**Problem requirements:**
Every entry below should be reproduced exactly; no picture is to be included.

**Data provided:**

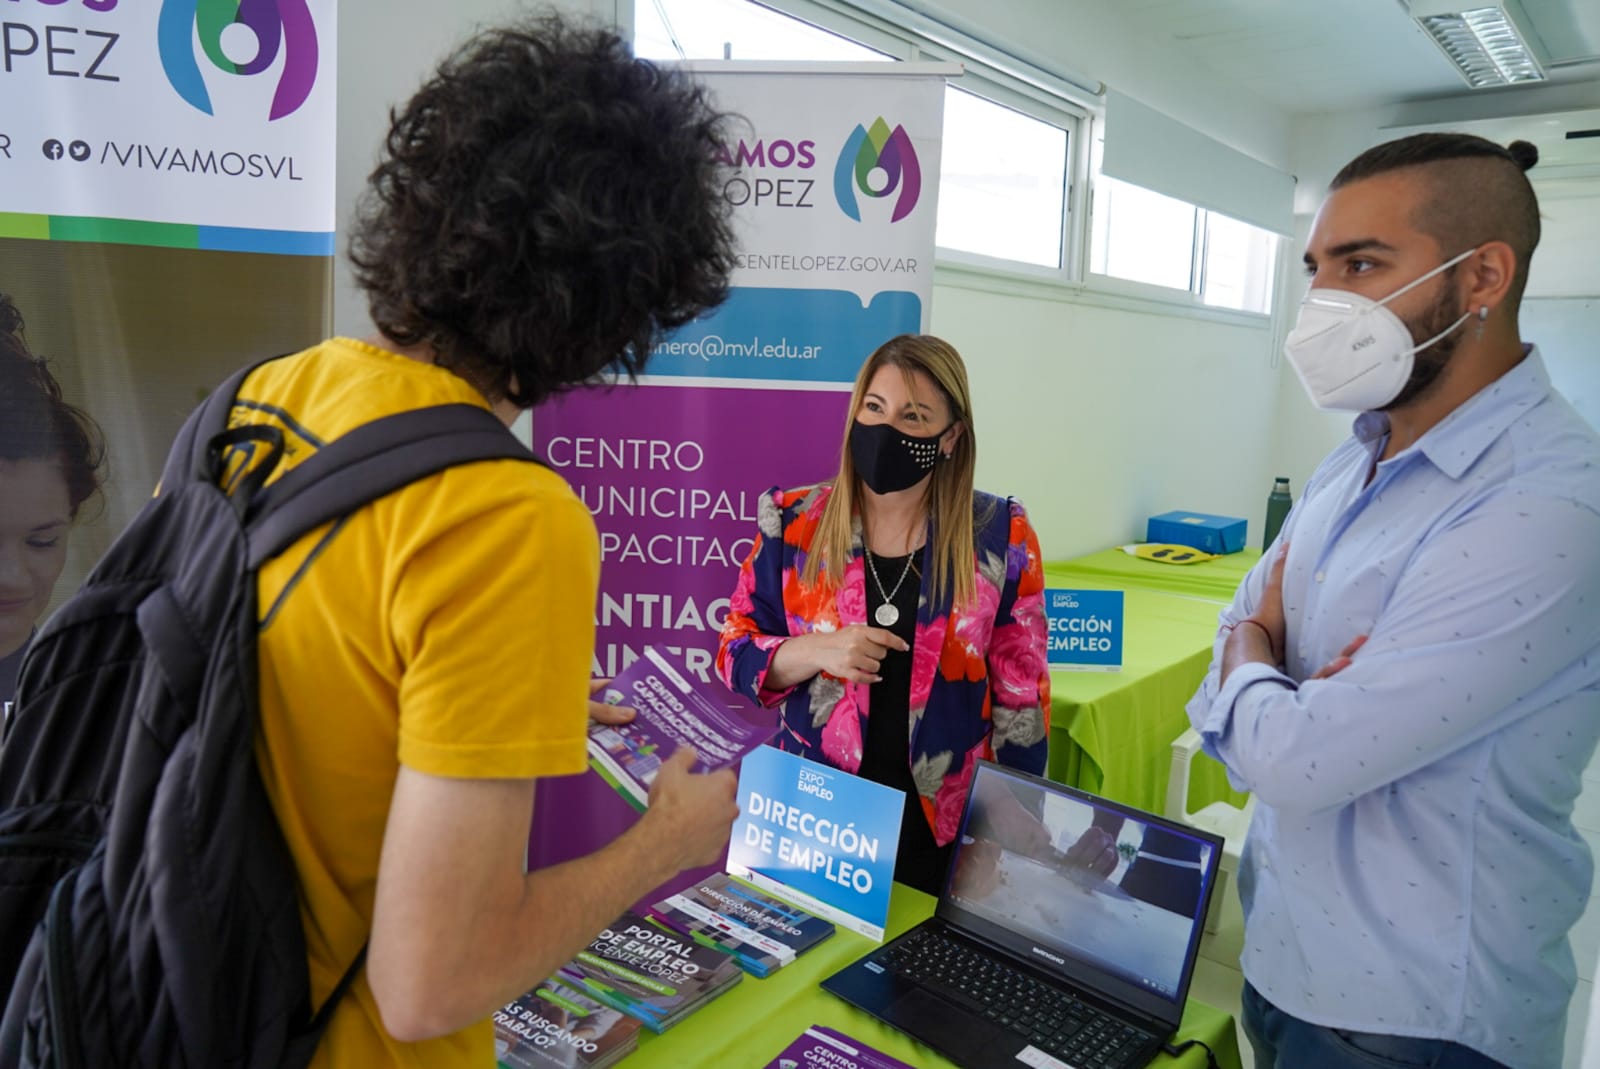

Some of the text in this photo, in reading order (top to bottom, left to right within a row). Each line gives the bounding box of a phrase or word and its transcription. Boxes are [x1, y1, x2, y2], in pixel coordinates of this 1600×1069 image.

[2, 22, 121, 82] PEZ
[547, 436, 704, 472] CENTRO
[568, 484, 757, 522] UNICIPAL
[593, 592, 731, 632] NTIAG
[1048, 614, 1112, 633] ECCIÓN
[1047, 636, 1112, 652] EMPLEO
[798, 780, 834, 801] EMPLEO
[800, 769, 825, 787] EXPO
[748, 791, 879, 863] DIRECCIÓN
[745, 823, 873, 894] DE EMPLEO
[624, 925, 693, 959] PORTAL
[763, 914, 803, 937] EMPLEO
[598, 929, 626, 946] DE
[623, 940, 700, 974] EMPLEO
[493, 1010, 557, 1049] TRABAJO?
[519, 1010, 598, 1053] BUSCANDO
[814, 1045, 857, 1069] CENTRO
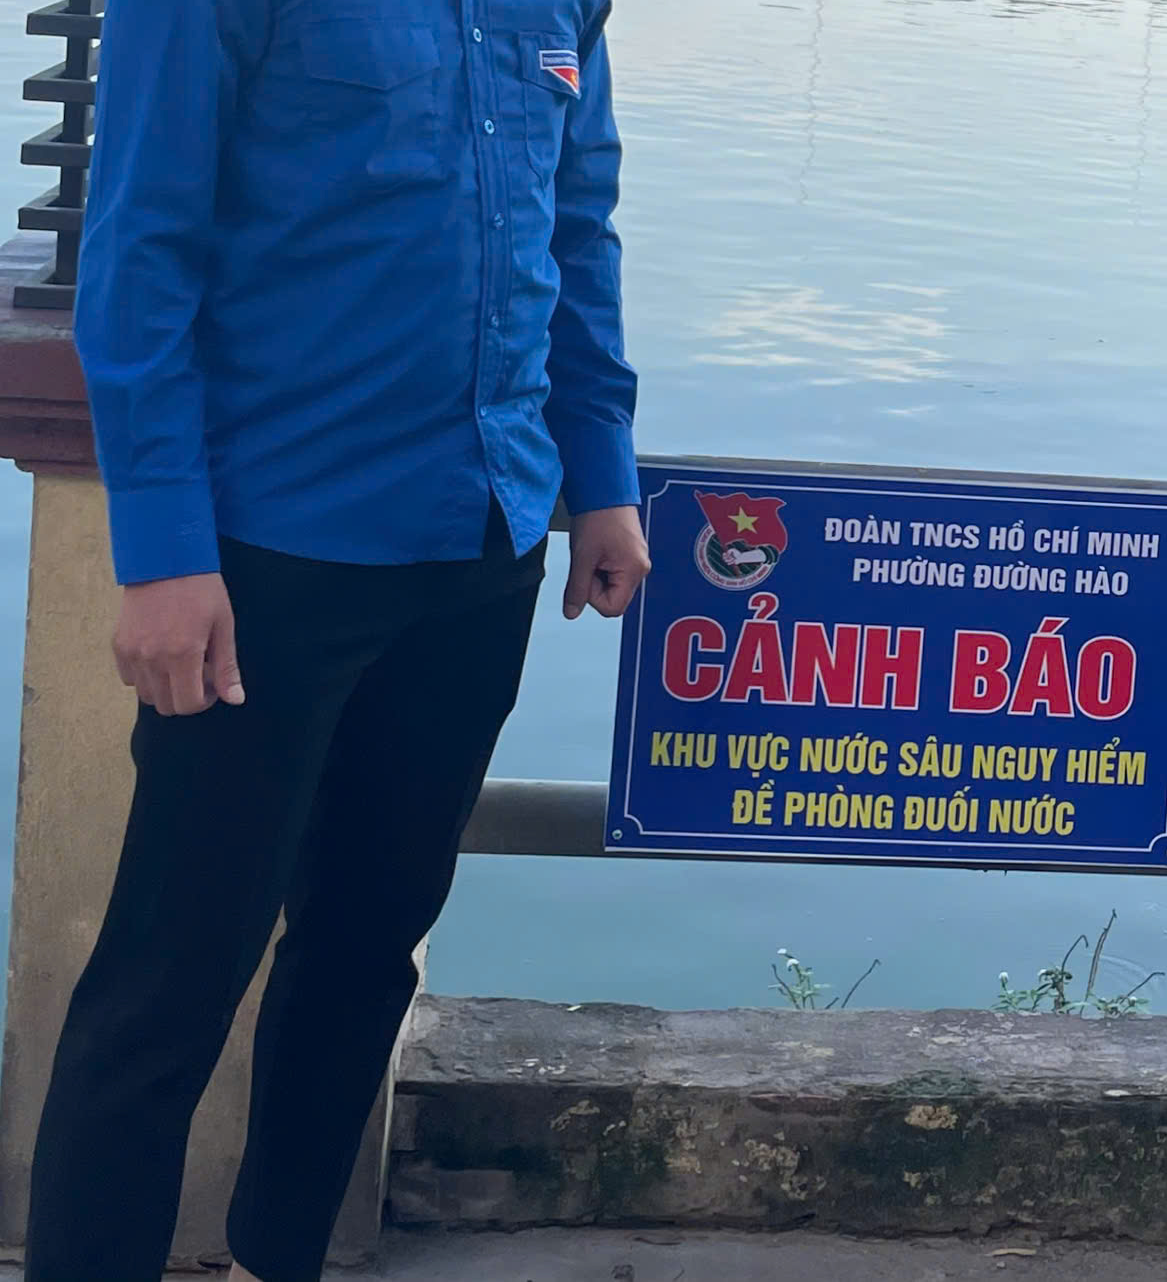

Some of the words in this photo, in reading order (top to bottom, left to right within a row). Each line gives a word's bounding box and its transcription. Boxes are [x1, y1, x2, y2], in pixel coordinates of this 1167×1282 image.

[825, 515, 900, 544] ĐOÀN
[910, 523, 979, 548] TNCS
[989, 520, 1024, 550] HỒ
[1034, 526, 1078, 553] CHÍ
[1088, 532, 1159, 557] MINH
[854, 556, 964, 586] PHƯỜNG
[974, 561, 1066, 592] ĐƯỜNG
[1076, 566, 1128, 595] HÀO
[663, 592, 924, 710] CẢNH
[949, 617, 1136, 720] BÁO
[652, 732, 716, 767] KHU
[728, 733, 789, 777] VỰC
[800, 733, 887, 774] NƯỚC
[899, 736, 962, 777] SÂU
[972, 746, 1057, 781] NGUY
[1067, 737, 1146, 785] HIỂM
[733, 780, 774, 824] ĐỀ
[784, 785, 893, 829] PHÒNG
[904, 786, 978, 832] ĐUỐI
[989, 794, 1074, 835] NƯỚC

**Answer space:**
Some of the text in this photo, in reading order (top to bottom, left to right within a row). Each line gives the bounding box of a phrase or word and its transcription. Boxes are [x1, y1, x2, y2], in pixel coordinates of this 1600×1069 image.

[2, 22, 121, 82] PEZ
[547, 436, 704, 472] CENTRO
[568, 484, 757, 522] UNICIPAL
[593, 592, 731, 632] NTIAG
[1048, 614, 1112, 633] ECCIÓN
[1047, 636, 1112, 652] EMPLEO
[798, 780, 834, 801] EMPLEO
[800, 769, 825, 787] EXPO
[748, 791, 879, 863] DIRECCIÓN
[745, 823, 873, 894] DE EMPLEO
[624, 925, 693, 959] PORTAL
[763, 914, 803, 937] EMPLEO
[598, 929, 626, 946] DE
[623, 940, 700, 974] EMPLEO
[493, 1010, 557, 1049] TRABAJO?
[519, 1010, 598, 1053] BUSCANDO
[814, 1045, 857, 1069] CENTRO

Some of the words in this photo, in reading order (top to bottom, left to right within a row). Each line gives a word's bounding box and its transcription. Boxes are [x1, y1, x2, y2], in pixel coordinates of this 1167×1282 image.

[825, 515, 900, 544] ĐOÀN
[910, 523, 979, 548] TNCS
[989, 520, 1024, 550] HỒ
[1034, 526, 1078, 553] CHÍ
[1088, 532, 1159, 557] MINH
[854, 556, 964, 586] PHƯỜNG
[974, 561, 1066, 592] ĐƯỜNG
[1076, 566, 1128, 595] HÀO
[663, 592, 924, 710] CẢNH
[949, 617, 1136, 720] BÁO
[652, 732, 716, 767] KHU
[728, 733, 789, 777] VỰC
[800, 733, 887, 774] NƯỚC
[899, 736, 962, 777] SÂU
[972, 746, 1057, 781] NGUY
[1067, 737, 1146, 785] HIỂM
[733, 780, 774, 824] ĐỀ
[784, 785, 893, 829] PHÒNG
[904, 786, 978, 832] ĐUỐI
[989, 794, 1074, 835] NƯỚC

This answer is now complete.